FOREWORD TO FELLOWSHIP: THE FIRST TWENTY-FIVE YEARS
The bulletins of the First Unitarian Fellowship of Carbondale are issued each week by a few members who do the typing, duplicating, folding, addressing and mailing. One year's volunteers dubbed themselves "The Benjamin Franklin Memorial Publishing Society"; and although the reference was intended to be taken lightly, it also revealed how much they valued the quality of talk and the spirit of fellowship as they shared their task. Kay Sanders was one of the volunteers that year, and one day when she went to mail the bulletins she noticed the Post Office announcements of stamps commemorating the nation's Bicentennial. She concluded that the Fellowship itself had lived through some interesting times during the latter half of the twentieth century. Later at a meeting of the Fellowship Board she proposed that a committee be appointed and charged with recording a history of the first twenty-five years of the Fellowship.

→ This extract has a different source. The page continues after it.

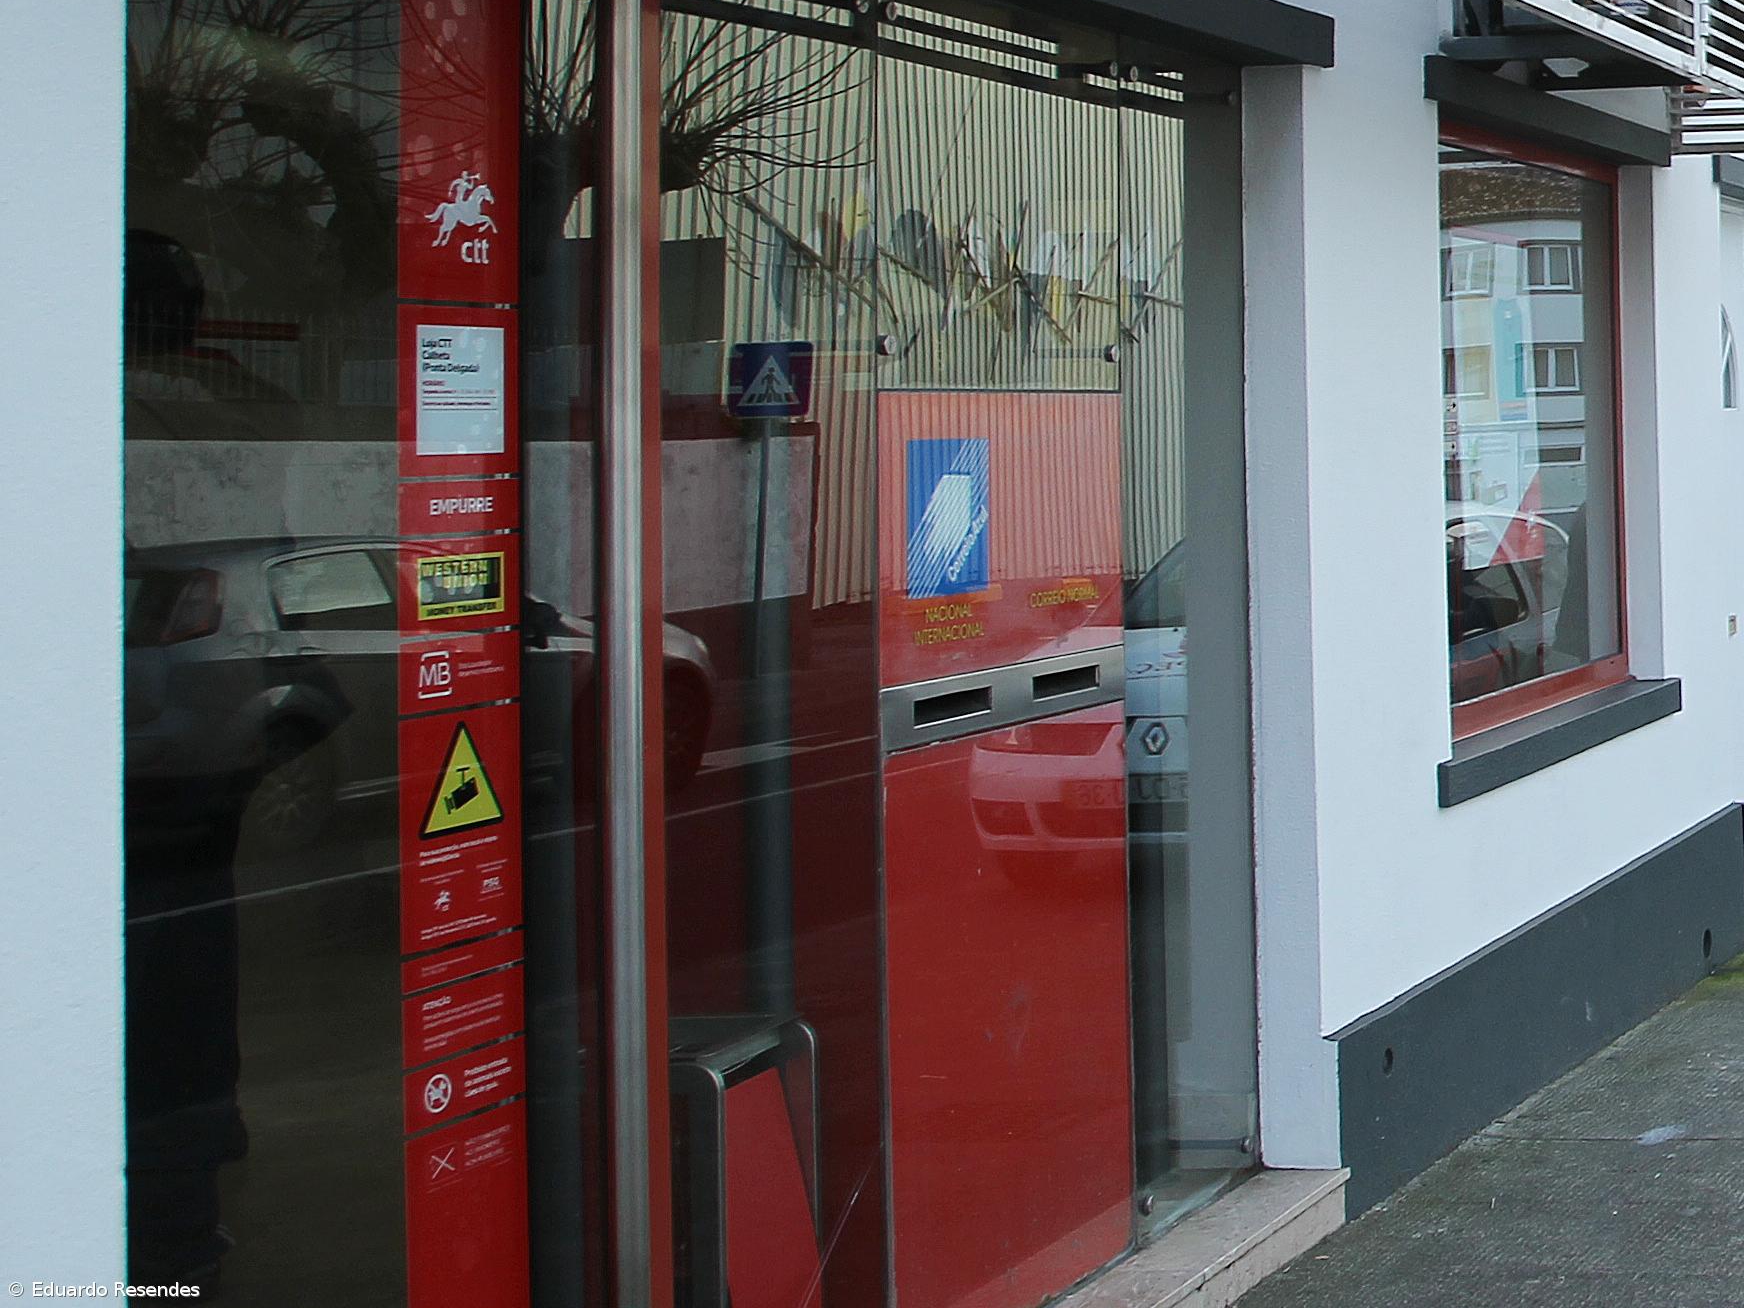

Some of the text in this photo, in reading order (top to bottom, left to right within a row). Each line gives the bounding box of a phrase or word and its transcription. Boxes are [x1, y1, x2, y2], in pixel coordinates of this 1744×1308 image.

The modest account which follows is the result. It too was a shared task performed in good humor, amiability, and fellowship. When, for instance, Russell Trimble came up with the word "quinquennium" to describe half a decade, we were pleased -- not out of pedantry, but because it then provided us with the delightful abbreviation "quinq." There was no professional historian or writer on the committee, but with lively spirit we embarked on our journey of recollection. The committee dusted off - quite literally, in some ways -- accumulations of weekly bulletins, the Fellowship files, the minutes, the copies of those Sunday talks which had been duplicated and saved, and personal reminiscences.
At the first meeting it was agreed that an anthology of sermons alone would not suffice -- not only because a representative selection would be difficult, but also because other concerns of the Fellowship, even mundane and trivial ones, might reveal more fully its life and times.
At subsequent meetings members read aloud what they had written down, with the others then trying to fill in gaps, making suggestions, adding, deleting, rewriting and revising. No one had personal pride of authorship. Everyone said, "Rewrite the whole thing if you want to." The result is truly a group collaboration by the following people named in alphabetical order: Lillian Adams, Will Gay Bottje, Lenore Brooks, Cameron W. Garbutt, Gladys R. Jones, Wilbur C. McDaniel, Carolyn Moe, Willis Moore, David and Jean Ray, Russell F. Trimble, and Rachel Wendt.
The writers expect that others will find errors and omissions. They expect and hope, that each reader will add his own marginal notes and that someday someone with more perspective will delve once again into the history of this microcosm, this Fellowship.
Fellowship. That is the key to what we have tried to express here: general friendliness and companionship, the community of feeling, the mutual comfort and sustenance, the tolerance and forbearance -- even, or especially the capacity for disagreement, for seldom have the members of the Fellowship been fully unanimous in agreement.
The final meeting of the History Committee took place in December, 1977, just two hundred years after the Continental Army had retired to a winter of bleakness and suffering at Valley Forge. The principles for which they endured that trying time remain our bulwark. This account, in all its modest and humanity, its large and petty concerns, must above all bear quiet testimony to those principles. Freedom -- particularly freedom of belief and expression -- is at the very heart of the existence of The First Unitarian Fellowship of Carbondale, Illinois.